If the stator output was excessive, and the connector had no internal resistance, the wires between the stator and RR would have cooked along it's entire length.  But the wiring was fine... only the connector got hot.

This afternoon, I soldered every single connection between the stator and Sasquatch Fix and ran the bike for fifteen minutes or so.  The wires were all nice and cool.  If there were a problem resulting in excessive output, it would have popped the in-line fuse in the Positive wire of the Sasquatch Fix.

HappyMan

Geeze Stretch, I'm gone out of town for a few days and I catch this thread!!  I almost shed a tear and then I almost made you an offer for your bike.  :roll:

Glad you worked it out or so it looks like you did.   :thumbsup
Life is hard.  It\'s even harder if you\'re stupid. - John Wayne

Life\'s too short......Let\'s ride! - HappyMan

http://ridedualsport.com

Bixxer Bob

Stretch,  a couple of points:  first I know that let-down feeling well - my Honda Blackbird was rock solid reliable for 48k miles, then the bubble burst with a spate of minor electrical niggles.  Mostly low tension and easy to fix but shattering from the confidence point of view.  Next, I had  a stator failure - like the Tiger it's a known problem on early FI models and it took out the regulator, but I think it was caused by... yep you guessed..... burnt out spade connectors just like yours.  I think that poor contact at this point is the source of many of these failures, although the Honda dealer says its bound to happen eventually due to generating 30 amps or so in a closed case with no vent or cooling.  One high-resistance connector overworks one phase of the stator, you get an imbalance and that does for the regulator.  (Only an amateur point of view, open for discussion).  Glad you seem to have sorted it anyway.  :?
I don't want to achieve immortality through prayer, I want to achieve it through not dying...

Stretch

I put about thirty miles on it today running some errands, and it made 14.5 - 14.6 VDC above 3000 rpm.  Jam up.  

All the charging system wires were normal temperature (same as everything else under there, with the cases, radiator and exhaust convecting their heat on everything.)  I rode with the left side panel removed, allowing air to flow to the RR.  It did run a bit cooler, naturally.

I have a 2,000+ mile trip coming up in a couple weeks, and I have decided to go ahead and swap in my spare stator and RR, just to be on the safe side.  As sensitive as an electronic regulator is to overloading, I don't want to take a chance.  I will cut off all the connectors and solder the connections together to build a one-piece harness that includes the stator, RR, and Sasquatch Fix.

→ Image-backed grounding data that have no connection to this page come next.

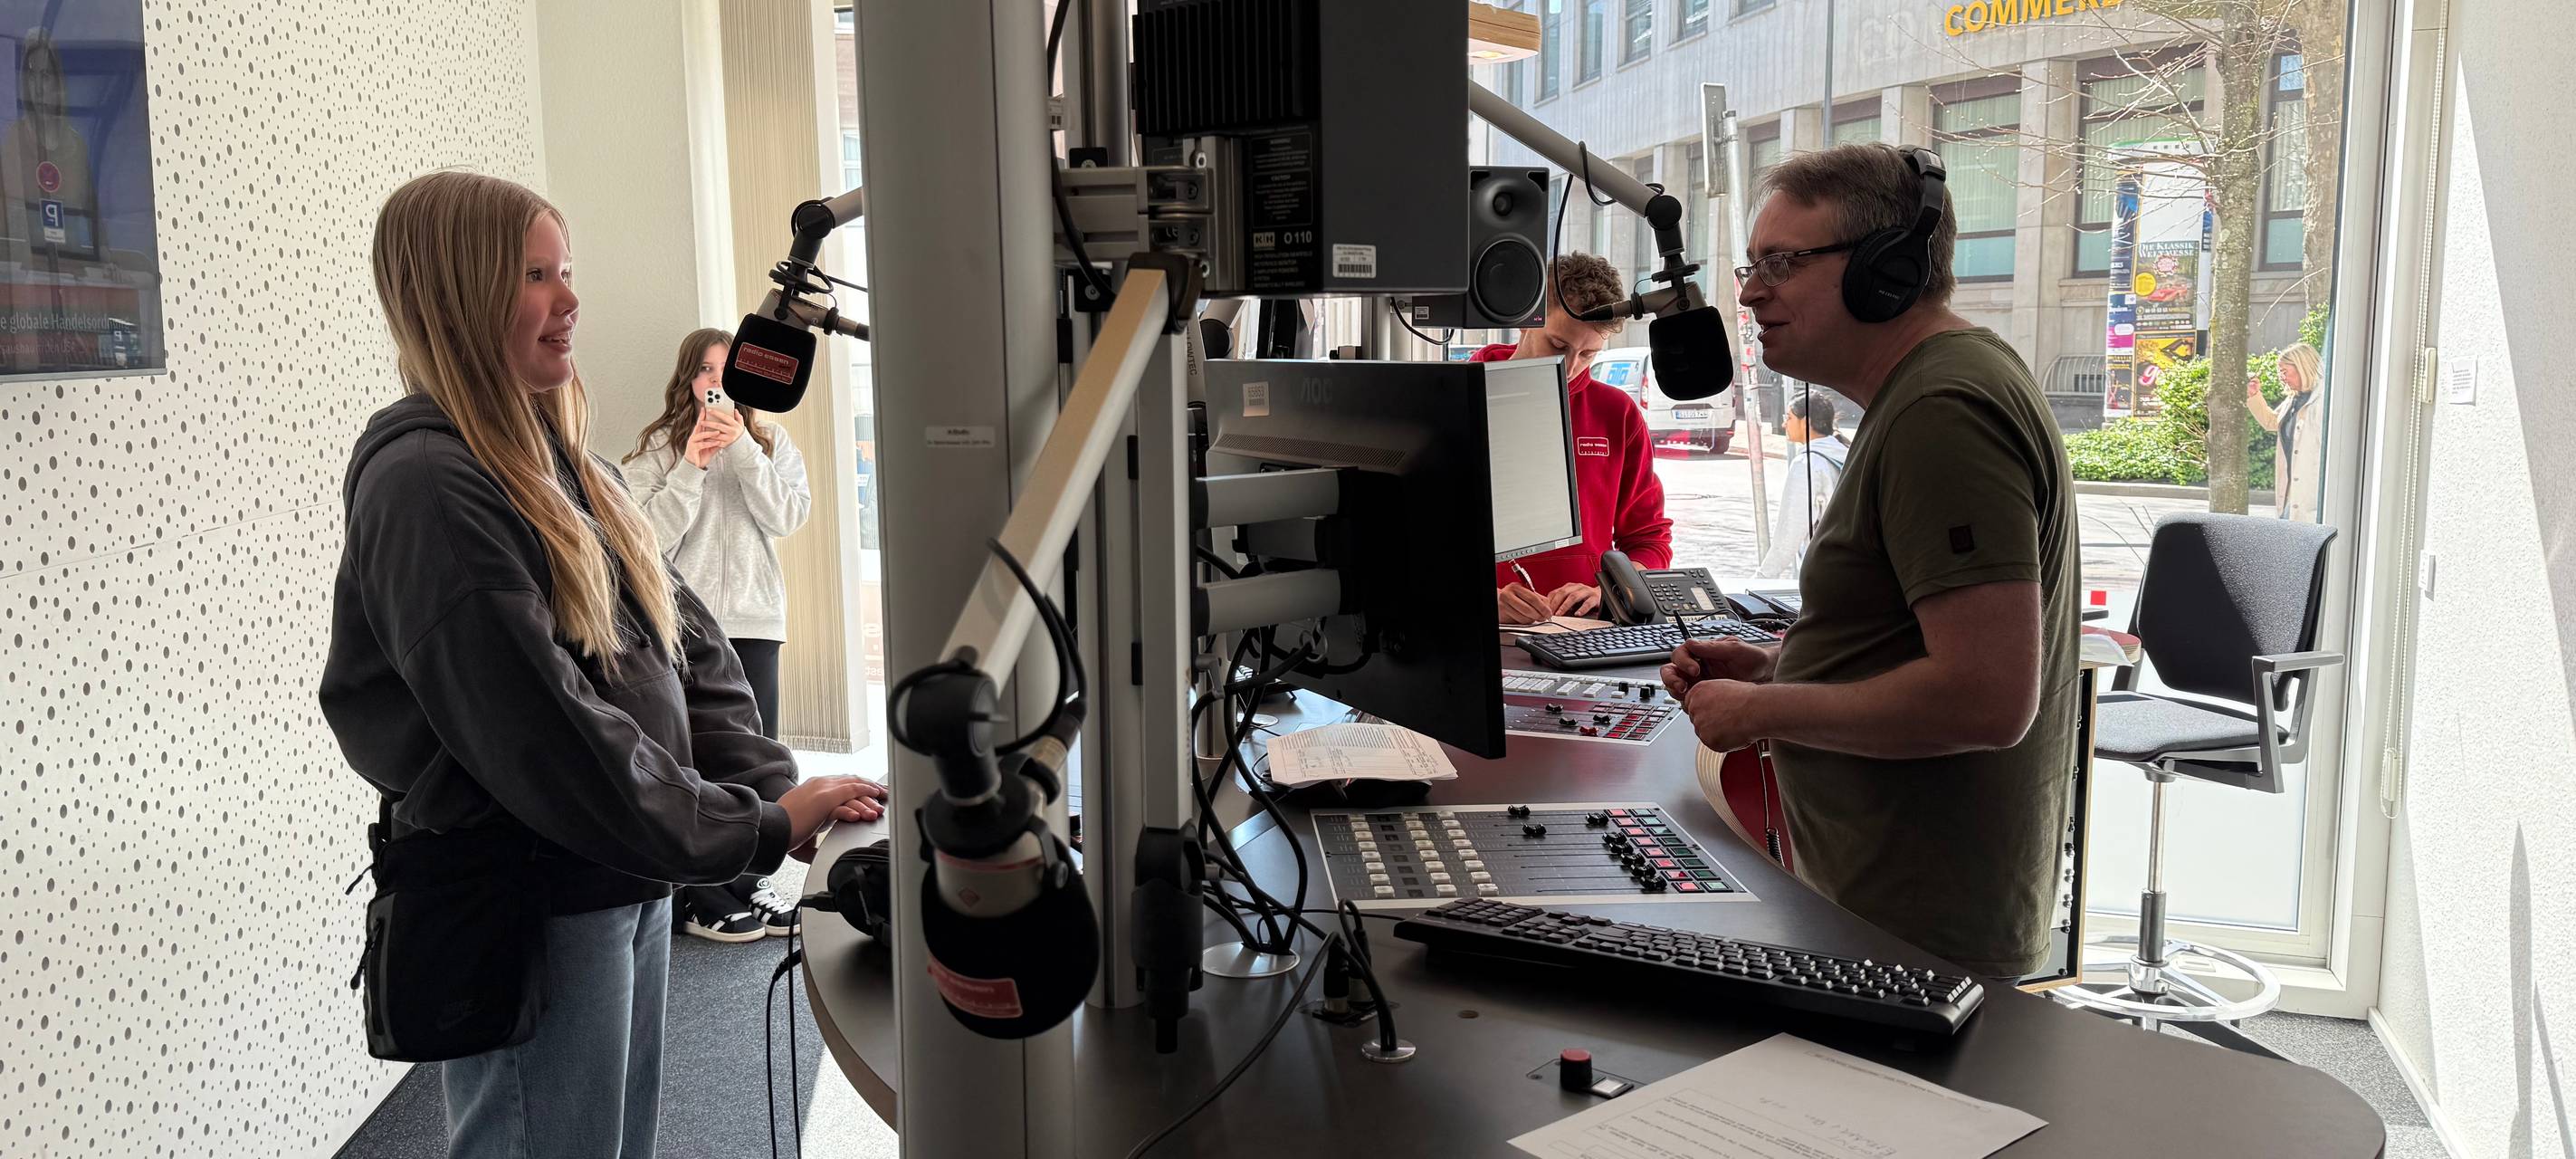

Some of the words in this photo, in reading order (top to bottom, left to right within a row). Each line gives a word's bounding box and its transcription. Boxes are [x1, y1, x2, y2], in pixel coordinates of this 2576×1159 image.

[1943, 0, 2120, 36] COMME
[1294, 230, 1312, 244] 110
[2156, 242, 2194, 250] KLASSIK
[10, 312, 49, 333] globale
[743, 347, 763, 357] radio
[764, 354, 789, 365] essen

I'm also going to run an additional wire parallel with each existing wire... for example, take one of the three stator-to-RR wires... leaving the wire in place and uncut, remove a half-inch of insulation from the stator end near the rubber plug, and then do the same near the rubber plug on the RR end.  Then run a new wire of the same size parallel with the existing wire, connecting each end to the bare spots you made in the existing wire, and soldering the connections.  Do this with every single wire in the charging system, eliminating any overload in the small existing wires, and in doing so eliminating the heat caused by resistance.

Read here:  http://www.vfrdiscussion.com/forum/inde ... 29975&st=0

I'm also going to move the RR to the outside of the bike, to get it into the breeze.  I read somewhere that for every 10˚C reduction in an electronic component's temperature, it's life span doubles.  Sign me up.  More on that later.